_TASK TO COMPLETE_: Could you reproduce the entries exactly, omitting every picture?

Dataset entries:
**********

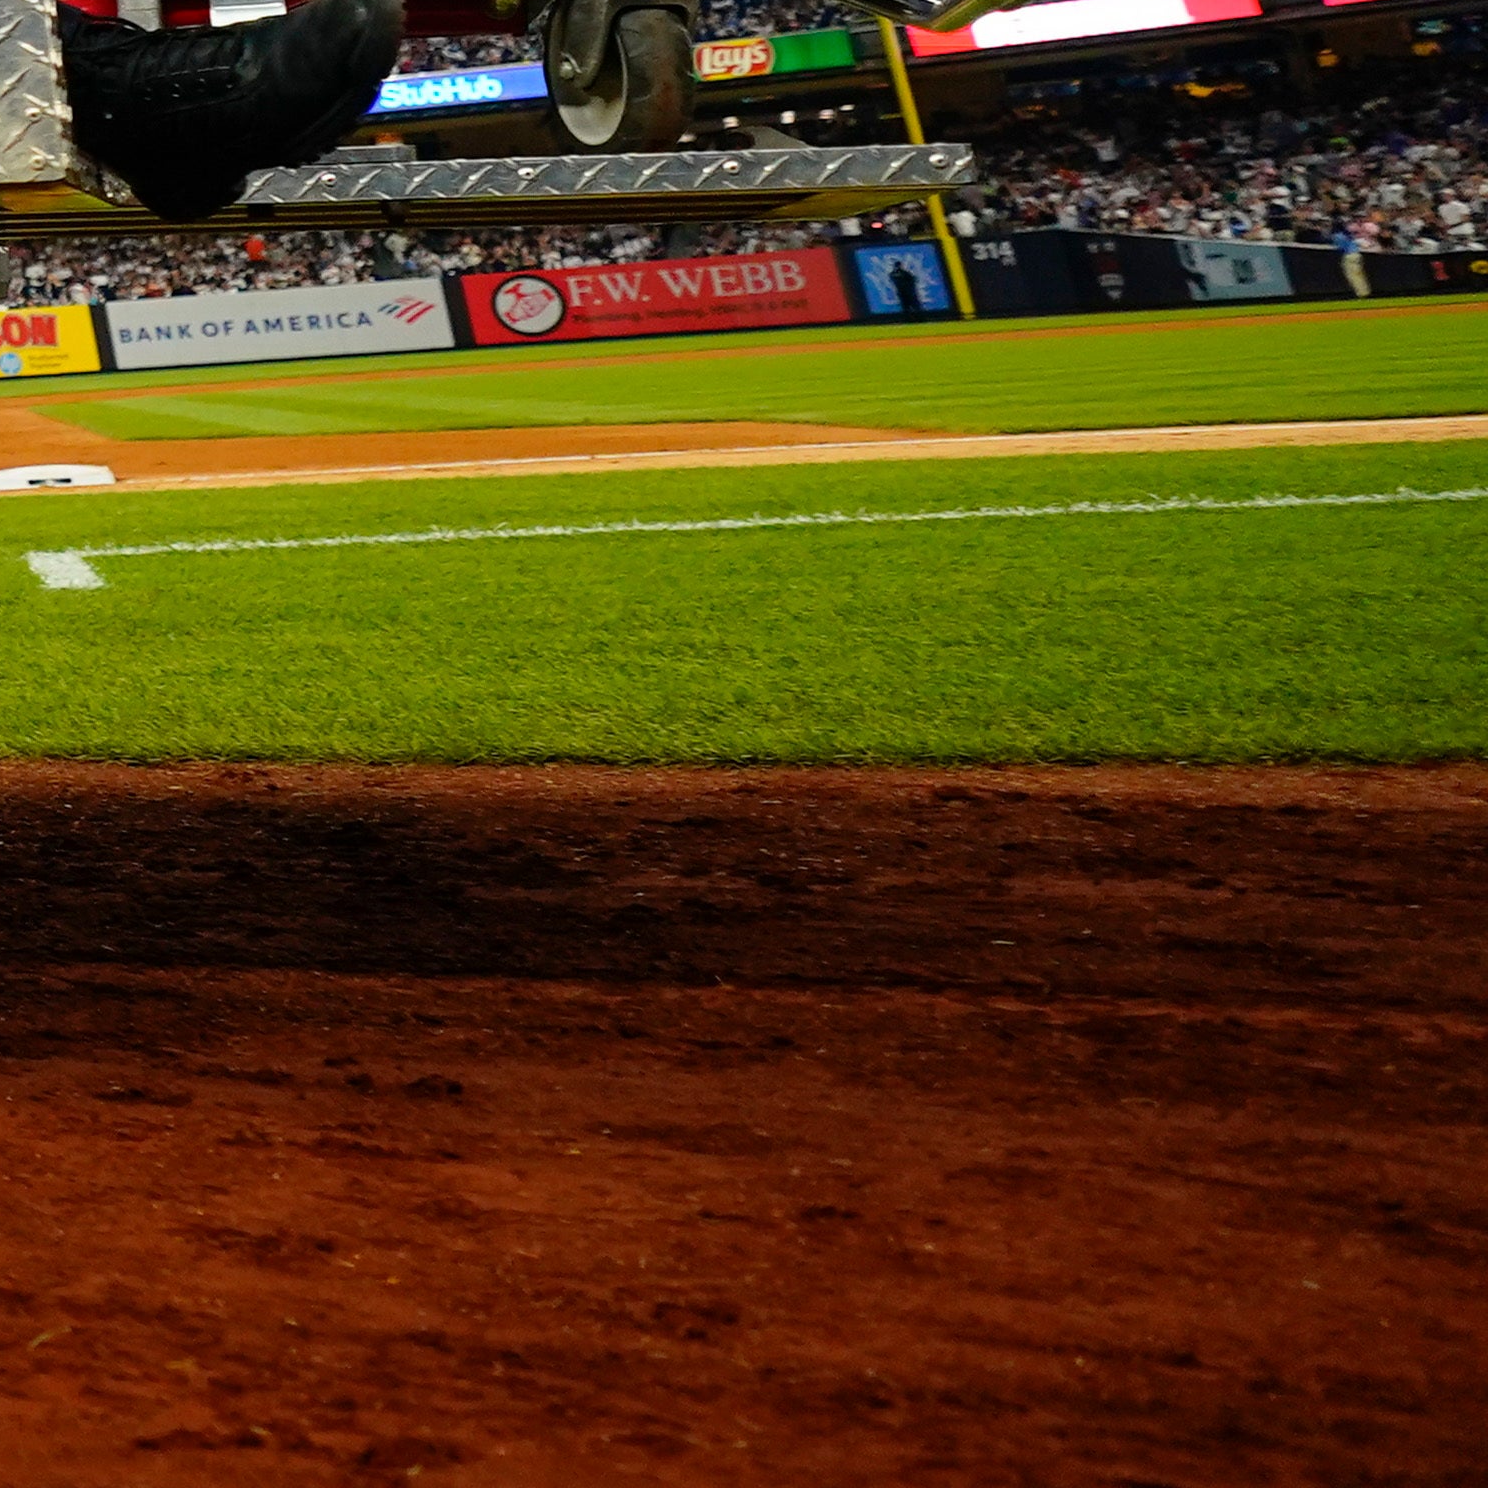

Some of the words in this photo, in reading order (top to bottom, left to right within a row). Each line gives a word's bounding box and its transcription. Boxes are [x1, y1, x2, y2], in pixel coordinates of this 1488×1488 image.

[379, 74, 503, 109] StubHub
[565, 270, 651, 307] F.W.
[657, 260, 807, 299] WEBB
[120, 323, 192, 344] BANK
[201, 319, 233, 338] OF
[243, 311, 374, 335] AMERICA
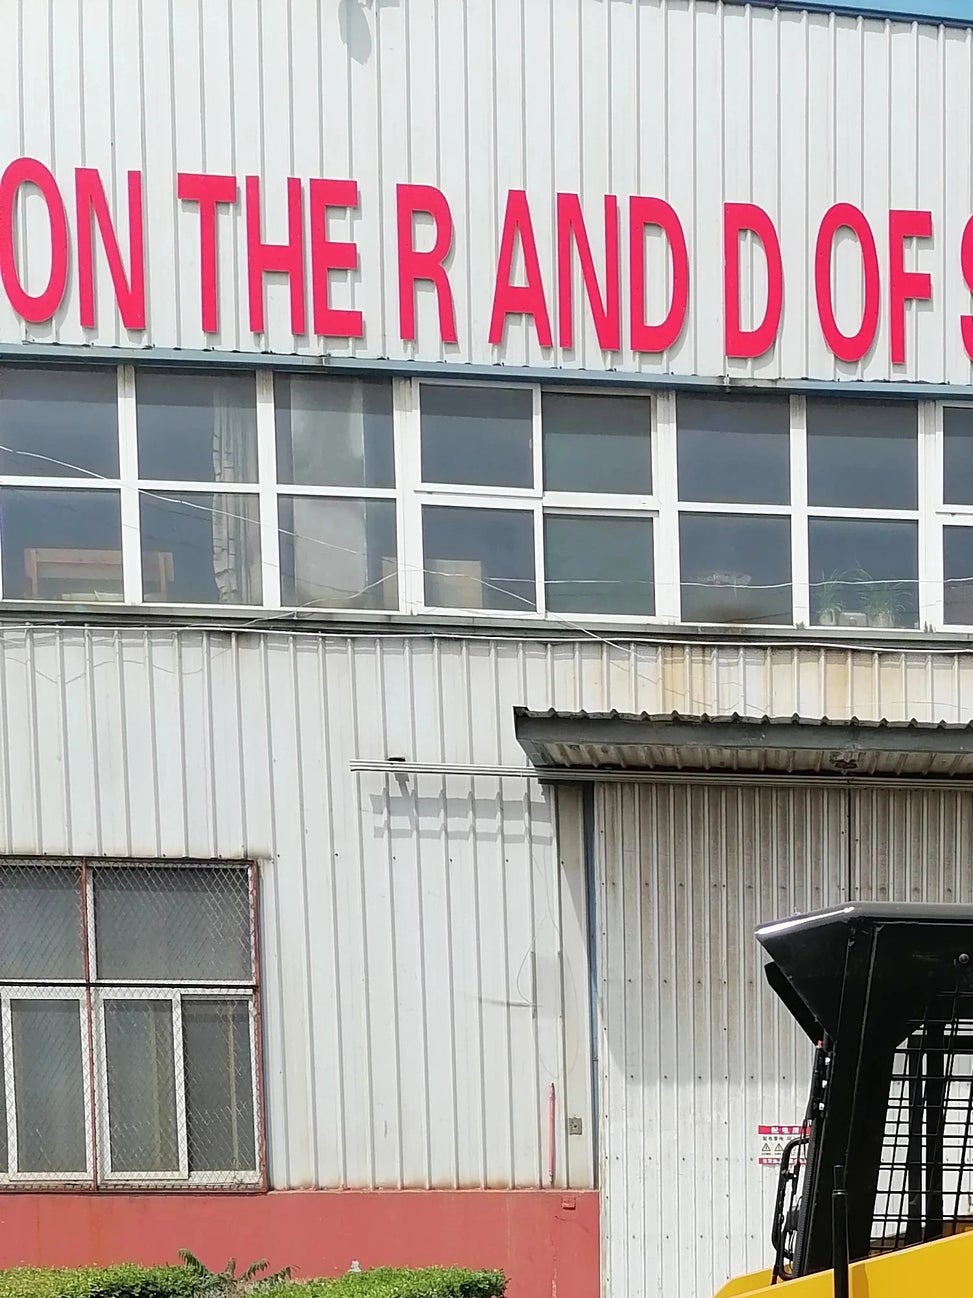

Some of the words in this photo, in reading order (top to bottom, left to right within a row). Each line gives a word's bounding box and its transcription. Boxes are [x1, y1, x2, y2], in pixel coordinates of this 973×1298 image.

**********

_ANSWER BOX_:
Some of the words in this photo, in reading order (top to bottom, left to right within a row). Each line gives a word's bounding box and its transcription. Boxes are [x1, y1, x2, y2], in pixel coordinates of this 1488×1488 image.

[379, 74, 503, 109] StubHub
[565, 270, 651, 307] F.W.
[657, 260, 807, 299] WEBB
[120, 323, 192, 344] BANK
[201, 319, 233, 338] OF
[243, 311, 374, 335] AMERICA

Some of the words in this photo, in reading order (top to bottom, left to right within a row). Each line gives a word's bounding box and its transcription. Boxes are [x1, y1, x2, y2], in pixel coordinates of this 973×1298 image.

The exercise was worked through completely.